ADOLESCENTES: O QUÊ NOS ENSINAM DA CLÍNICA: O
QUE FAZEM DO CORPO? SINTOMA?
Tânia Ferreira
Agradeço ao convite de Andréa
Guerra e Marina Otoni, à frente do Curso de Extensão - Adolescência e Psicanálise: o corpo, o sintoma e a
clínica.
Este
empreendimento é de extrema importância neste momento em que adolescentes
ocupam escolas, falam para a imprensa, posicionam-se frente ao golpe e à
situação do país. Se antes em “moratória social” dada a representação que os
adultos têm de adolescência, os adolescentes, eles mesmos, tomam a palavra,
furam o silêncio de um protagonismo circunscrito ao mundo de cada um e vão às
ruas.

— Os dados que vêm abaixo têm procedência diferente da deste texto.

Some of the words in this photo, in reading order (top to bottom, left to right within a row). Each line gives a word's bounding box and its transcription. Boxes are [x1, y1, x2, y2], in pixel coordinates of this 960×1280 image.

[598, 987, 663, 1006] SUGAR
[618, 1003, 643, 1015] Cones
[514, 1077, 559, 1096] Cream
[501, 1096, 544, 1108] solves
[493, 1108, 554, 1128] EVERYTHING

Dizem o que querem, seus medos e angústias, quais são suas ocupações e de
quê se ocupam.
É neste
contexto que nos ocupamos dos adolescentes...
Cabe
pois, uma primeira torção:
Da adolescência ao adolescente...
O que se passa com o adolescente? Já se tornou naturalizado entre nós as
chamadas “crises” na e da adolescência. Sabemos tudo sobre as “crises”, sobre
este tempo. Hoje nos pautamos pelo “modelo normativo das crises”. A crise da
adolescência foi normatizada, por isso mesmo esperada, sem muita surpresa,
indagação, perplexidade, tornada normal. Faz parte da fase, da idade.

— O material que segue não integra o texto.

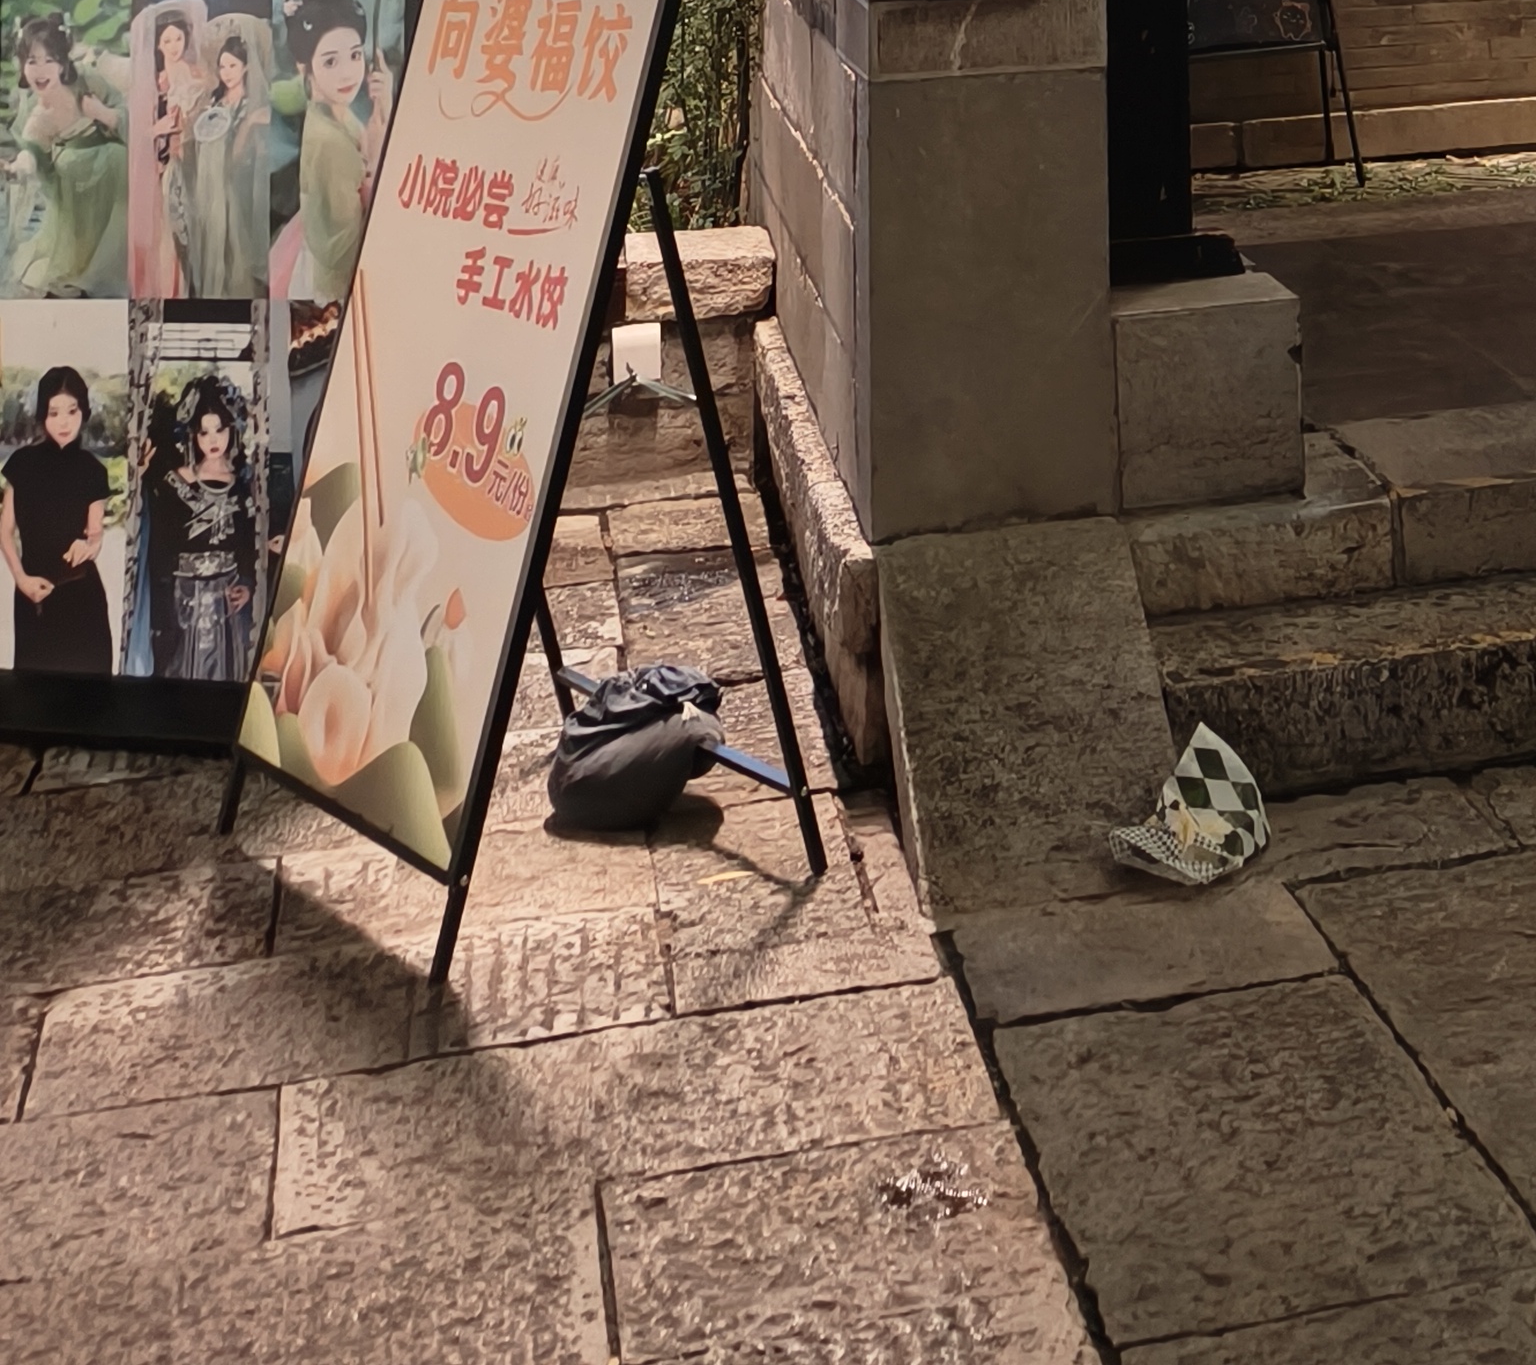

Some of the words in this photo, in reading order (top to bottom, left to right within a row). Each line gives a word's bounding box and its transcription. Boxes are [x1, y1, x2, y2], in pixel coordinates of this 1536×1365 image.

[397, 153, 515, 232] 小院必尝
[456, 245, 568, 332] 手工水饺

Será que não corremos o risco de já não nos
perguntarmos mais sobre este ou aquele adolescente? Muitas vezes encontramos
respostas para suas ações e para seus gestos, na adolescência mesma. Fazemos
uma apologia das crises da adolescência, mas nos esquecemos de encontrar o
sujeito aí, sofrendo em silêncio e, às vezes, “absolutamente só”, esperando a
adolescência passar e com ela, o mal-estar (que, se persistir leva a crer numa
“fixação” naquela fase do desenvolvimento).

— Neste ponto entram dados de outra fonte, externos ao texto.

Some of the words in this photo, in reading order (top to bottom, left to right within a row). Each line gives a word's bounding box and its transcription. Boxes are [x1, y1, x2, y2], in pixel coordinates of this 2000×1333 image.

A ideia de que “o mal é da idade que da tal menina – não há um só remédio em toda
medicina” tem sido uma bússula a nos conduzir na errância do trabalho com o
adolescente, principalmente no campo “psi”. Vamos dizer que “o mal é da menina
que da tal idade” e que há remédio sim, para além da espera impotente de ver
passar essa fase.
A idéia de que determinadas manifestações
sintomáticas são típicas, próprias de tal idade, leva-nos a considerá-las
normais. É muito comum também um discurso queixoso sobre o adolescente, como se
as dificuldades fossem de quem convive com eles: chamam-no de “aborrecente”.
Muitas vezes, até admite-se é que uma fase difícil, sofrida, mas que passa com
o tempo, pois é um sofrimento normal, que está na norma. Já não nos caberia
substituir a pergunta: “isso é normal nesta fase do desenvolvimento?” para:
Isso causa sofrimento para o sujeito?
Bem então vamos tentar nos colocar
questões sobre quem são os adolescentes nos dias de hoje. Quais os aspectos psicossociais a que estão
submetidos?
Aquele mal que não é da idade, que
não está de acordo com o desenvolvimento traçado socialmente, é do sujeito e
muitas vezes, é tido como um transtorno.
A palavra transtorno na nossa língua quer dizer: “situação que causa incômodo a
outrem, situação imprevista e desfavorável, decepção, contrariedade”. [1]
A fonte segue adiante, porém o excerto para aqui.